Wir vergleichen uns immer wieder. Konkurrenzdenken scheint uns eingebrannt zu sein. Jesus im Gespräch mit den Jüngern über ein allzu menschliches Phänomen. Predigt am Sonntag Judica von Pfarrer Michael Grell.
Predigt
Gnade sei mit Euch und Friede von Gott, unserm Vater und dem Herrn Jesus Christus. Amen.
Liebe Gemeinde,
manchmal kommt das in den vertrautesten Runden und Kreisen vor: Da lässt jemand zum wiederholten Male eine Bemerkung fallen, die dem anderen sauer aufstößt. Der andere hat es sich bisher verkniffen, darauf zu reagieren. Er will den Frieden nicht aufs Spiel setzen. Auf die Dauer aber lässt es sich dann doch nicht überhören.

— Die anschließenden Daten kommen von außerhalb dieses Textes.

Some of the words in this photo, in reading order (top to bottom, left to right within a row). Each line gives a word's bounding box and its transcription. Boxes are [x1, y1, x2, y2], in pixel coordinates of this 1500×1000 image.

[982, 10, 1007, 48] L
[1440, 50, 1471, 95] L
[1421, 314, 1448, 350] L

Es kommt je länger, je mehr dazu, dass der eine immer genau aufpasst, was der andere macht. Und dann: Auf einmal, ist das Fass zum Überlaufen voll. Die anderen sitzen derweil im Kreise nur bedröppelt daneben und versuchen zu begreifen, was gerade vor sich geht.
Wenn jemand sich verletzt fühlt, wird er es nicht gleich allen zeigen. Als die mittelmäßige Note bei der Rückgabe der Probe auf dem Schülertisch landet, beginnt sofort das Vergleichen. Mal schnell nach links und nach rechts geschaut, wie die Banknachbarn abgeschnitten haben. Das kennen wir alle. Naja, war doch nicht so schlimm. Da gibt es noch schlechtere. Bessere gibt´s natürlich auch. Sofort entsteht ein unsichtbares Ranking im Kopf der Schülerin.
Waren es Verletzungen oder Vergleiche mit den anderen, die bei Johannes und Jakobus in dieser Geschichte aus dem Evangelium eine Rolle spielten? – Hört, was Markus im 10. Kapitel schreibt:
Jakobus und Johannes, die Söhne des Zebedäus,
gingen zu Jesus und sprachen zu ihm:
Meister, wir wollen, dass du für uns tust,
was wir dich bitten werden.
Er sprach zu ihnen: Was wollt ihr, dass ich für euch tue?
Sie sprachen zu ihm:
Gib uns, dass wir sitzen einer zu deiner Rechten
und einer zu deiner Linken in deiner Herrlichkeit.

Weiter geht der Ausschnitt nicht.